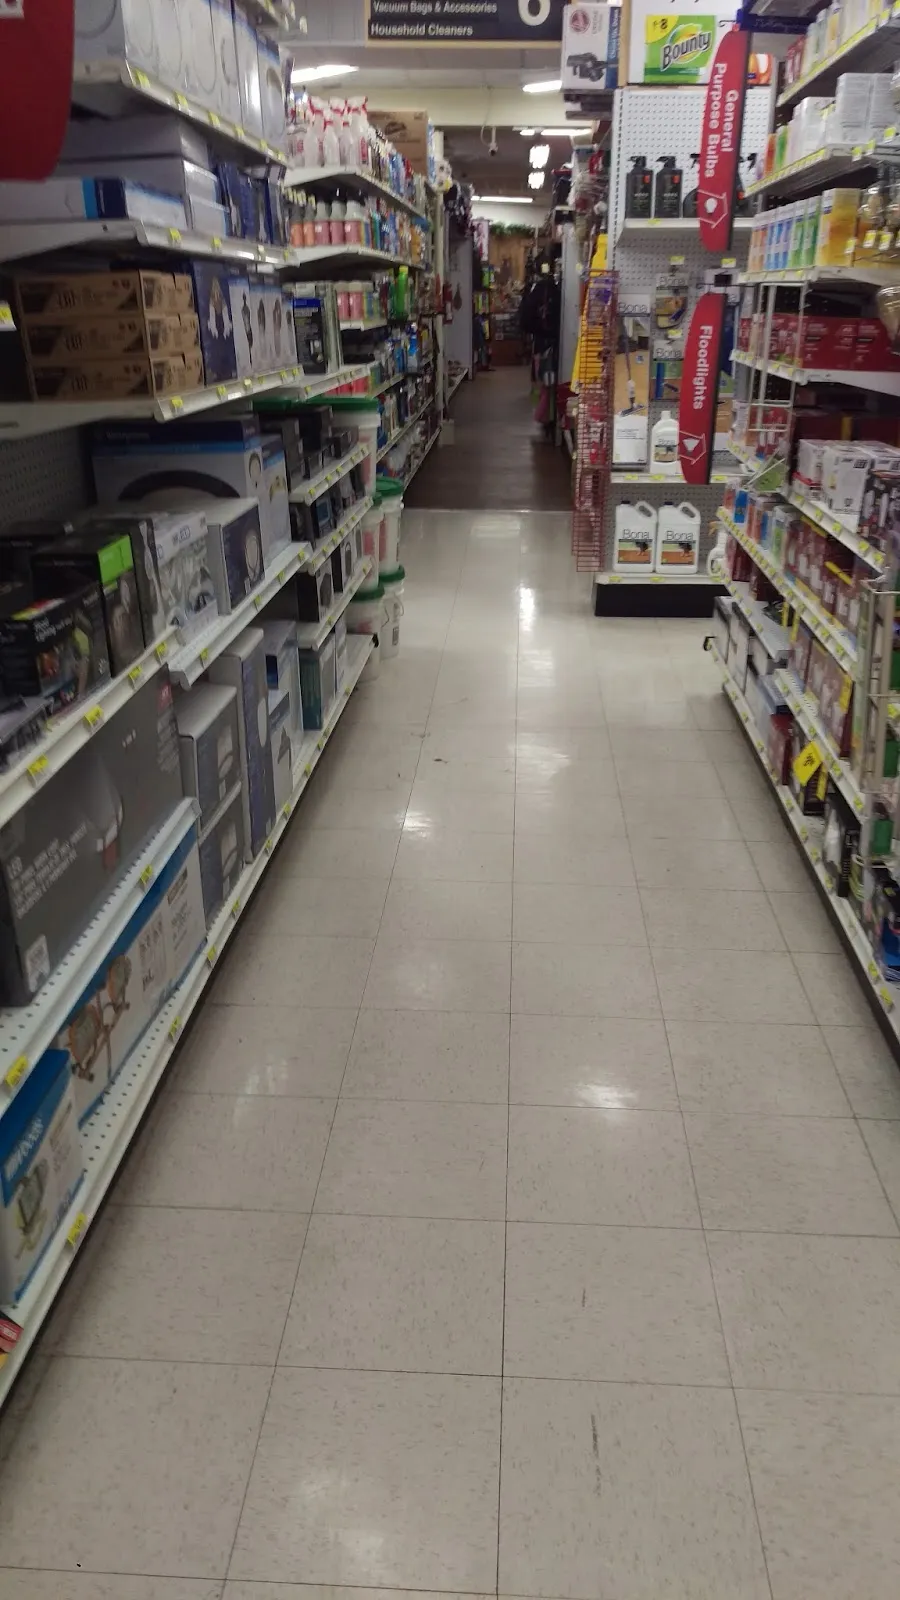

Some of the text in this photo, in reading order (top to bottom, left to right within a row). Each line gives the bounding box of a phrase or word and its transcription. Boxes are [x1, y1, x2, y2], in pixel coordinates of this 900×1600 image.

[373, 1, 498, 15] Vacuum Bags & Accessories
[371, 23, 473, 36] Household Cleaners
[660, 32, 712, 72] Bounty
[704, 63, 728, 178] Purpose Bulbs
[720, 90, 739, 152] General
[618, 302, 648, 313] Bona
[692, 325, 713, 410] Floodlights
[622, 529, 650, 540] Bona
[666, 530, 694, 541] Bona
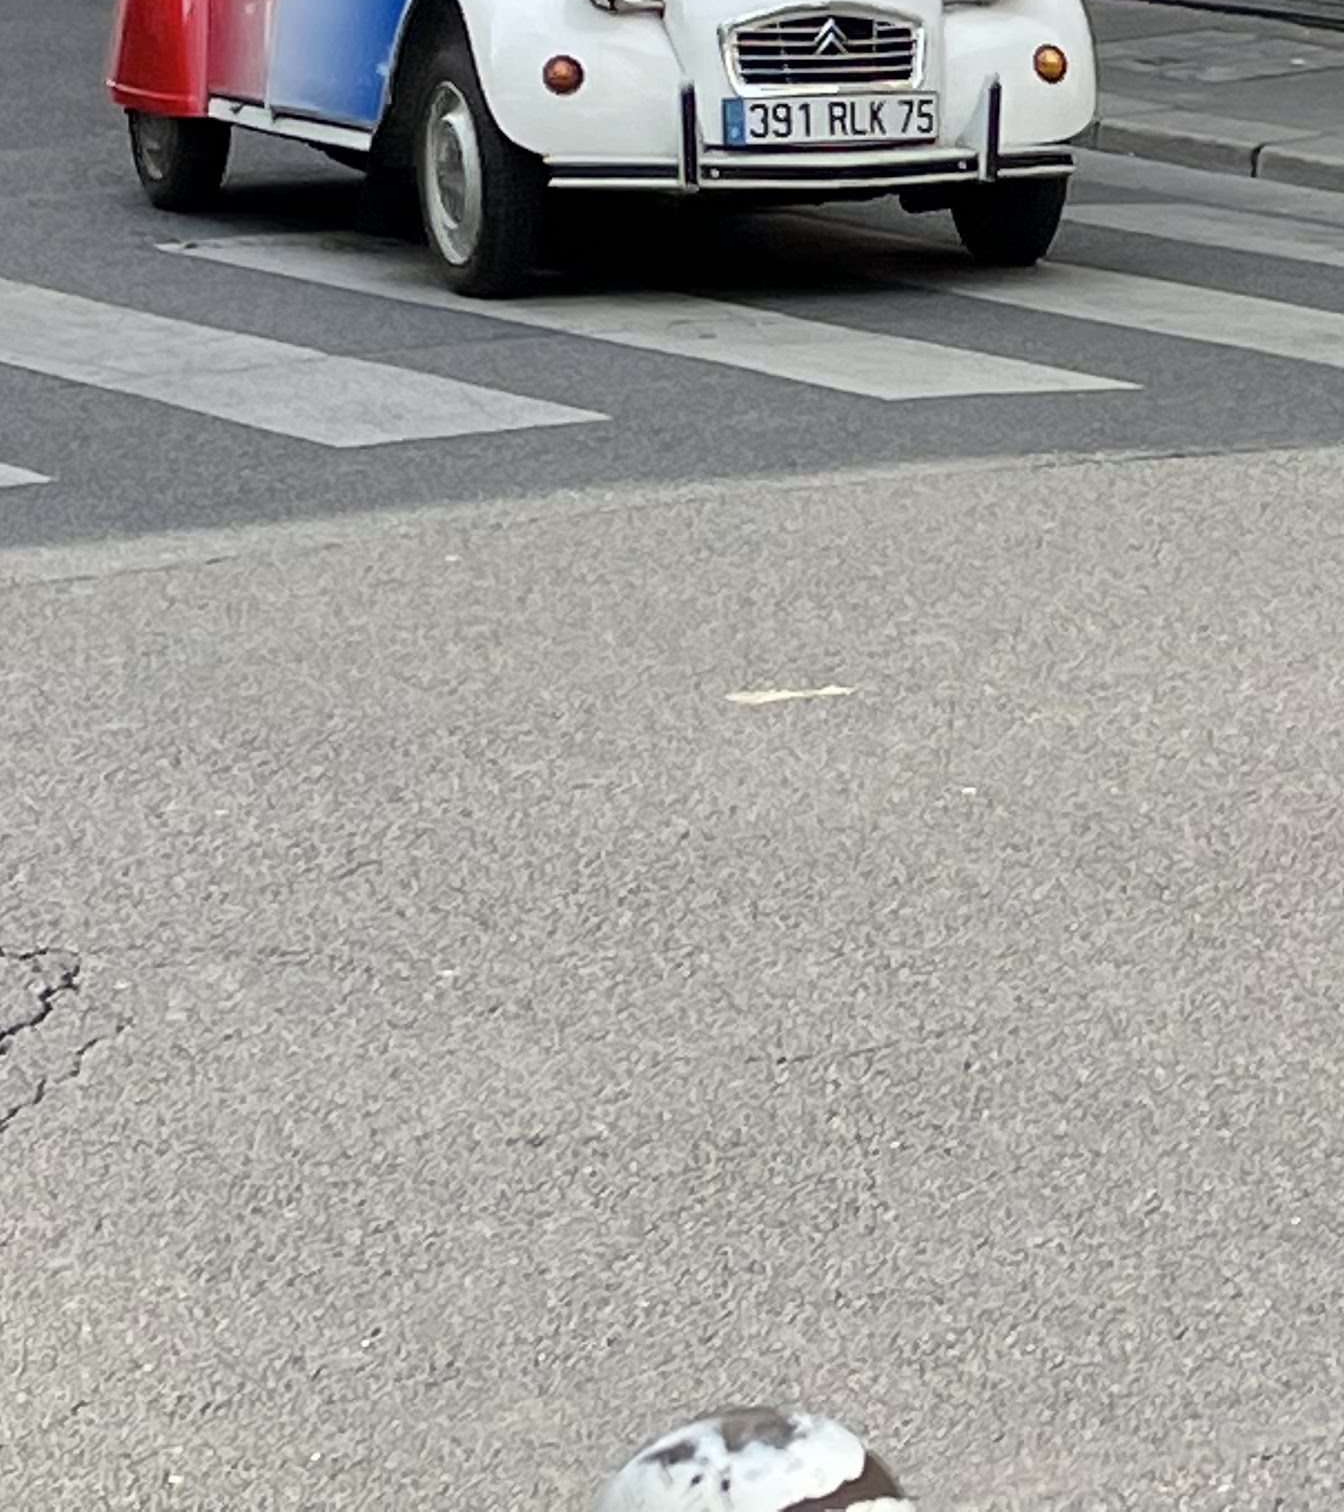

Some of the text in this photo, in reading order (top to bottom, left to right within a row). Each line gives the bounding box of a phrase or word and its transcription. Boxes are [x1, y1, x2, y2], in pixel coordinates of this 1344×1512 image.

[750, 99, 934, 138] 391 RLK 75
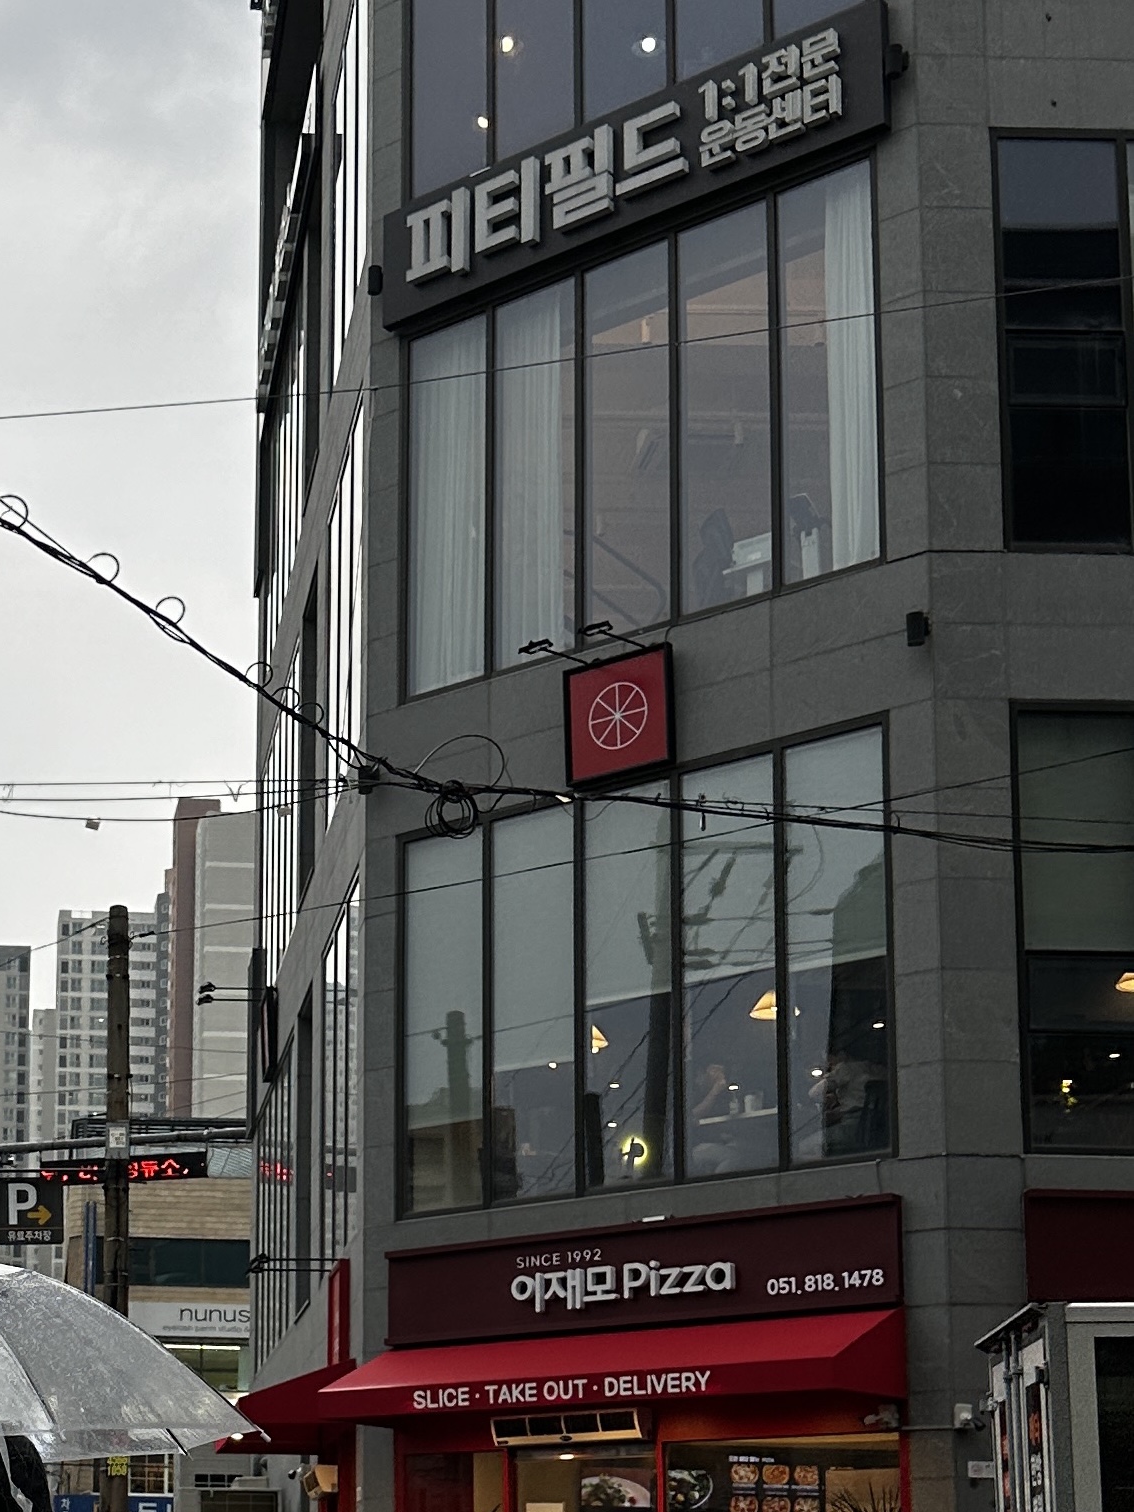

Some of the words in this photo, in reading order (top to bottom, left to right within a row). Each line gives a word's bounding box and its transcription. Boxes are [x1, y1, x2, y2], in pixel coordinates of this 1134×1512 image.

[700, 75, 842, 167] 운동센터
[406, 101, 689, 284] 피티필드
[8, 1183, 37, 1226] P
[7, 1229, 52, 1243] 유료주차장
[516, 1253, 561, 1269] SINCE
[566, 1249, 603, 1264] 1992
[511, 1265, 620, 1313] 이재모
[623, 1260, 736, 1299] Pizza
[413, 1386, 470, 1410] SLICE
[484, 1382, 537, 1405] TAKE
[543, 1378, 588, 1400] OUT
[604, 1370, 711, 1397] DELIVERY

—————

### [TRY IT]
The expected response consists solely of the lines from the one with "Some of the words" through the end of the records, repeated exactly.

### [SOLUTION TO THE EXERCISE]
Some of the words in this photo, in reading order (top to bottom, left to right within a row). Each line gives a word's bounding box and its transcription. Boxes are [x1, y1, x2, y2], in pixel coordinates of this 1134×1512 image.

[700, 75, 842, 167] 운동센터
[406, 101, 689, 284] 피티필드
[8, 1183, 37, 1226] P
[7, 1229, 52, 1243] 유료주차장
[516, 1253, 561, 1269] SINCE
[566, 1249, 603, 1264] 1992
[511, 1265, 620, 1313] 이재모
[623, 1260, 736, 1299] Pizza
[413, 1386, 470, 1410] SLICE
[484, 1382, 537, 1405] TAKE
[543, 1378, 588, 1400] OUT
[604, 1370, 711, 1397] DELIVERY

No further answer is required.